| To do |
Print all records exactly, pictures left out.

===== Records for this task =====

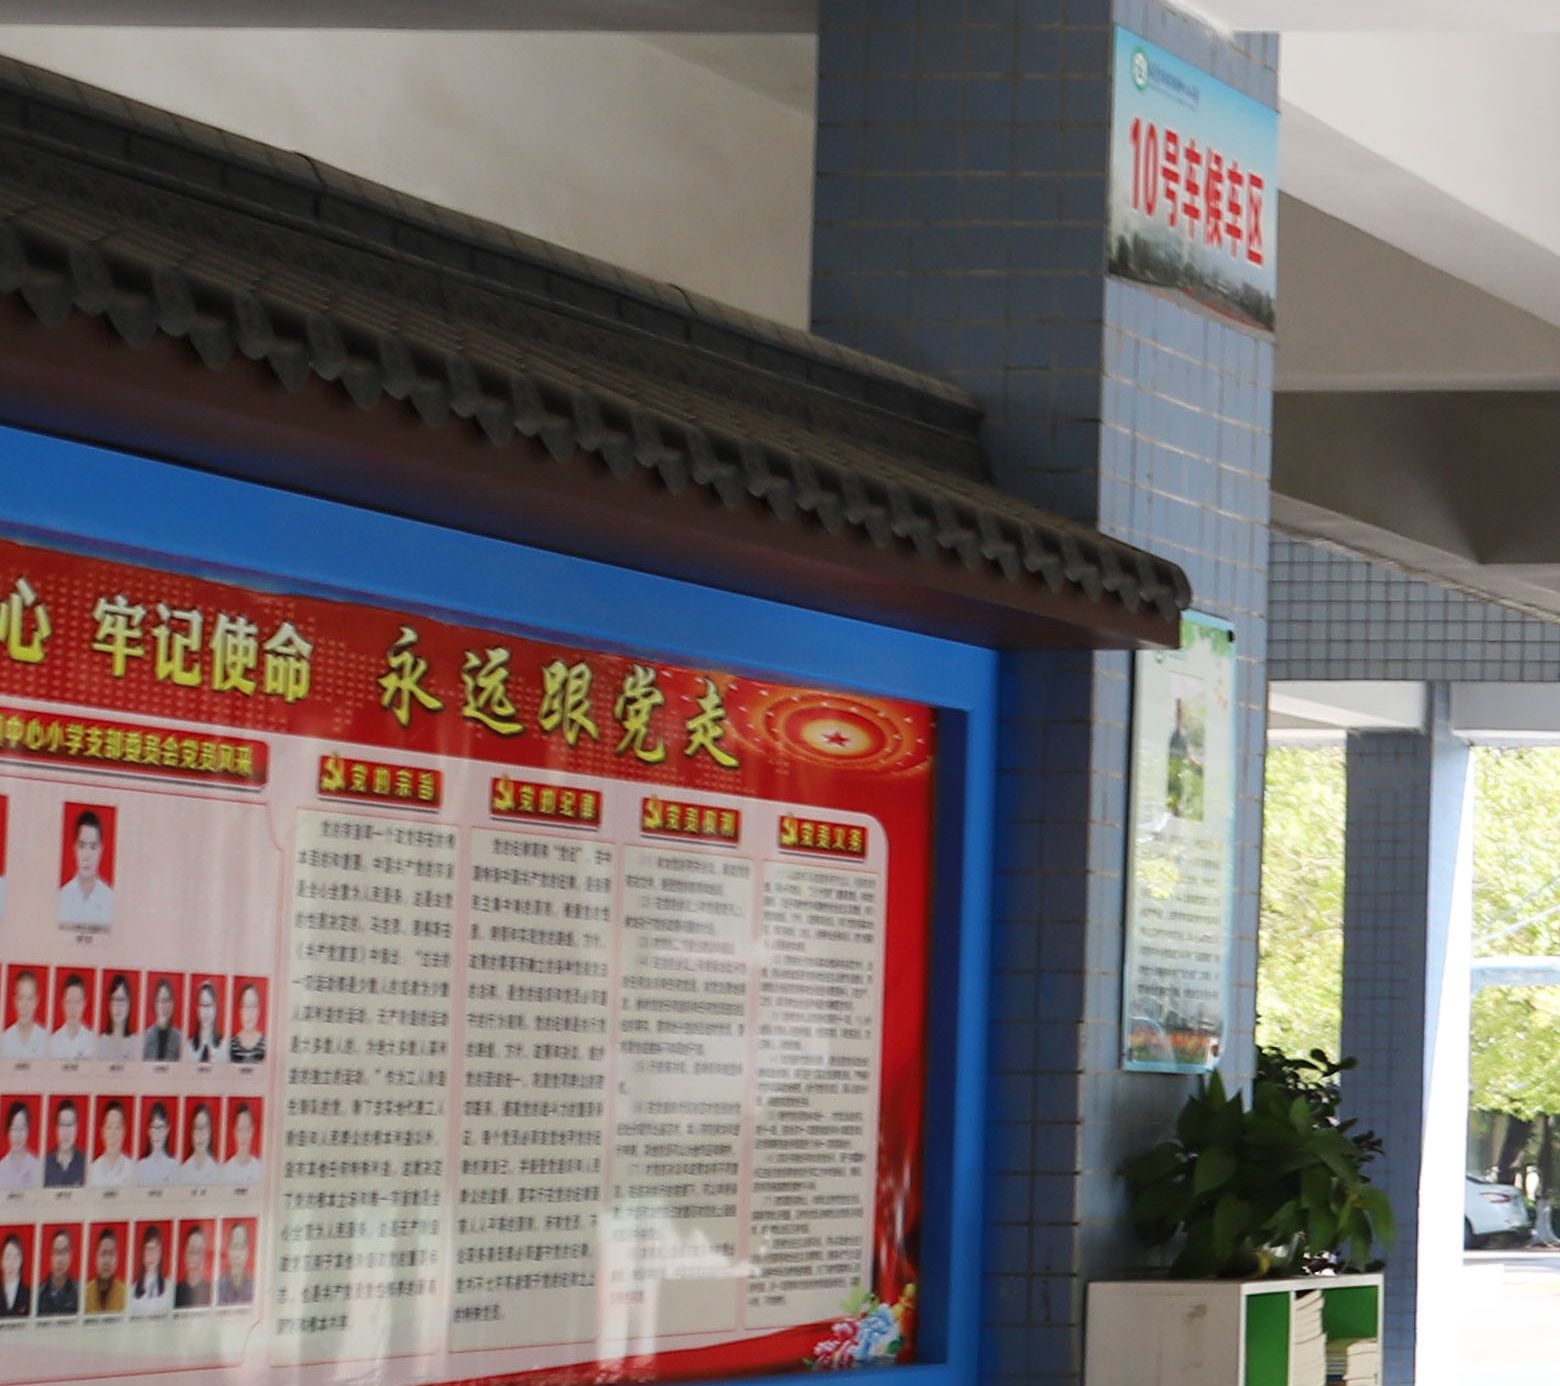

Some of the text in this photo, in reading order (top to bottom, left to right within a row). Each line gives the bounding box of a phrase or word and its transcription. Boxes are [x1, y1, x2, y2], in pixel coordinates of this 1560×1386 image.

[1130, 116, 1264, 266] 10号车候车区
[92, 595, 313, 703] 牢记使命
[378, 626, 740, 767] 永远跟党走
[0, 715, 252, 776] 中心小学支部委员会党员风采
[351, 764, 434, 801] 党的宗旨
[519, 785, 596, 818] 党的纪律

=====

| Solution |
Some of the text in this photo, in reading order (top to bottom, left to right within a row). Each line gives the bounding box of a phrase or word and its transcription. Boxes are [x1, y1, x2, y2], in pixel coordinates of this 1560×1386 image.

[1130, 116, 1264, 266] 10号车候车区
[92, 595, 313, 703] 牢记使命
[378, 626, 740, 767] 永远跟党走
[0, 715, 252, 776] 中心小学支部委员会党员风采
[351, 764, 434, 801] 党的宗旨
[519, 785, 596, 818] 党的纪律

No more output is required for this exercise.